• [REQUIRED ACTION] From the records below, extract all the text exactly and leave the images behind.

(Images for object localization)
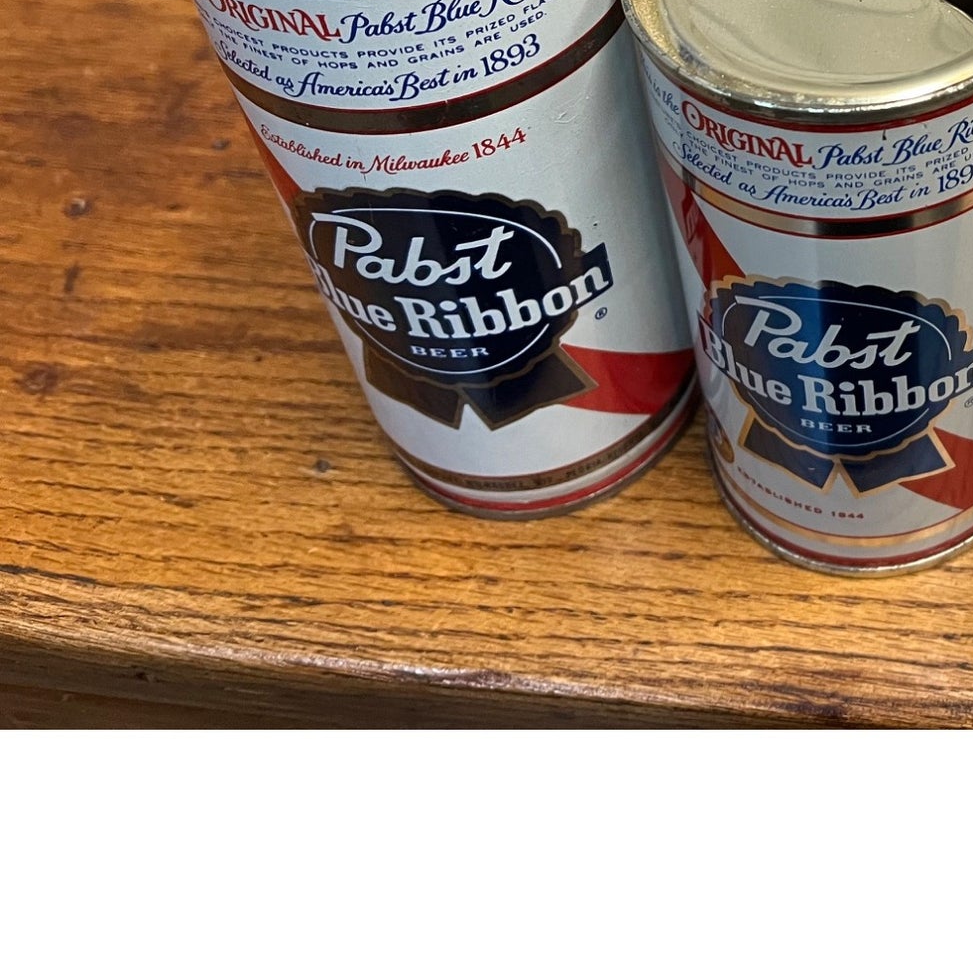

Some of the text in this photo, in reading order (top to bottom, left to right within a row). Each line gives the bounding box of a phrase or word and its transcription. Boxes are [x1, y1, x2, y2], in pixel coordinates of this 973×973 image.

[213, 18, 264, 46] CHOICEST
[272, 43, 349, 59] PRODUCTS
[357, 43, 425, 59] PROVIDE
[433, 36, 457, 48] ITS
[465, 13, 516, 39] PRIZED
[219, 11, 548, 69] THE FINEST OF HOPS AND GRAINS ARE USED.
[338, 11, 417, 43] Pabst
[214, 33, 541, 102] Selected as America's Best in 1893
[259, 123, 528, 175] Established in Milwaukee 1844
[661, 89, 681, 117] the
[681, 100, 813, 168] ORIGINAL
[811, 142, 884, 171] Pabst
[882, 134, 943, 166] Blue
[686, 130, 739, 162] CHOICEST
[746, 160, 817, 180] PRODUCTS
[826, 170, 887, 181] PROVIDE
[895, 164, 917, 174] ITS
[925, 146, 969, 168] PRIZED
[672, 140, 732, 186] Selected
[738, 181, 756, 197] as
[751, 185, 853, 208] America's
[849, 188, 905, 210] Best
[909, 182, 931, 200] in
[689, 139, 709, 157] THE
[714, 155, 754, 176] FINEST
[762, 173, 779, 182] OF
[788, 178, 825, 189] HOPS
[834, 180, 865, 188] AND
[873, 171, 924, 187] GRAINS
[932, 159, 957, 174] ARE
[310, 211, 515, 287] Pabst
[394, 264, 612, 340] Ribbon
[410, 343, 490, 359] BEER
[734, 295, 921, 370] Pabst
[704, 330, 793, 406] Blue
[801, 418, 873, 434] BEER
[830, 510, 865, 520] 1844

• [EXERCISE RESPONSE]
Some of the text in this photo, in reading order (top to bottom, left to right within a row). Each line gives the bounding box of a phrase or word and its transcription. Boxes are [x1, y1, x2, y2], in pixel coordinates of this 973×973 image.

[213, 18, 264, 46] CHOICEST
[272, 43, 349, 59] PRODUCTS
[357, 43, 425, 59] PROVIDE
[433, 36, 457, 48] ITS
[465, 13, 516, 39] PRIZED
[219, 11, 548, 69] THE FINEST OF HOPS AND GRAINS ARE USED.
[338, 11, 417, 43] Pabst
[214, 33, 541, 102] Selected as America's Best in 1893
[259, 123, 528, 175] Established in Milwaukee 1844
[661, 89, 681, 117] the
[681, 100, 813, 168] ORIGINAL
[811, 142, 884, 171] Pabst
[882, 134, 943, 166] Blue
[686, 130, 739, 162] CHOICEST
[746, 160, 817, 180] PRODUCTS
[826, 170, 887, 181] PROVIDE
[895, 164, 917, 174] ITS
[925, 146, 969, 168] PRIZED
[672, 140, 732, 186] Selected
[738, 181, 756, 197] as
[751, 185, 853, 208] America's
[849, 188, 905, 210] Best
[909, 182, 931, 200] in
[689, 139, 709, 157] THE
[714, 155, 754, 176] FINEST
[762, 173, 779, 182] OF
[788, 178, 825, 189] HOPS
[834, 180, 865, 188] AND
[873, 171, 924, 187] GRAINS
[932, 159, 957, 174] ARE
[310, 211, 515, 287] Pabst
[394, 264, 612, 340] Ribbon
[410, 343, 490, 359] BEER
[734, 295, 921, 370] Pabst
[704, 330, 793, 406] Blue
[801, 418, 873, 434] BEER
[830, 510, 865, 520] 1844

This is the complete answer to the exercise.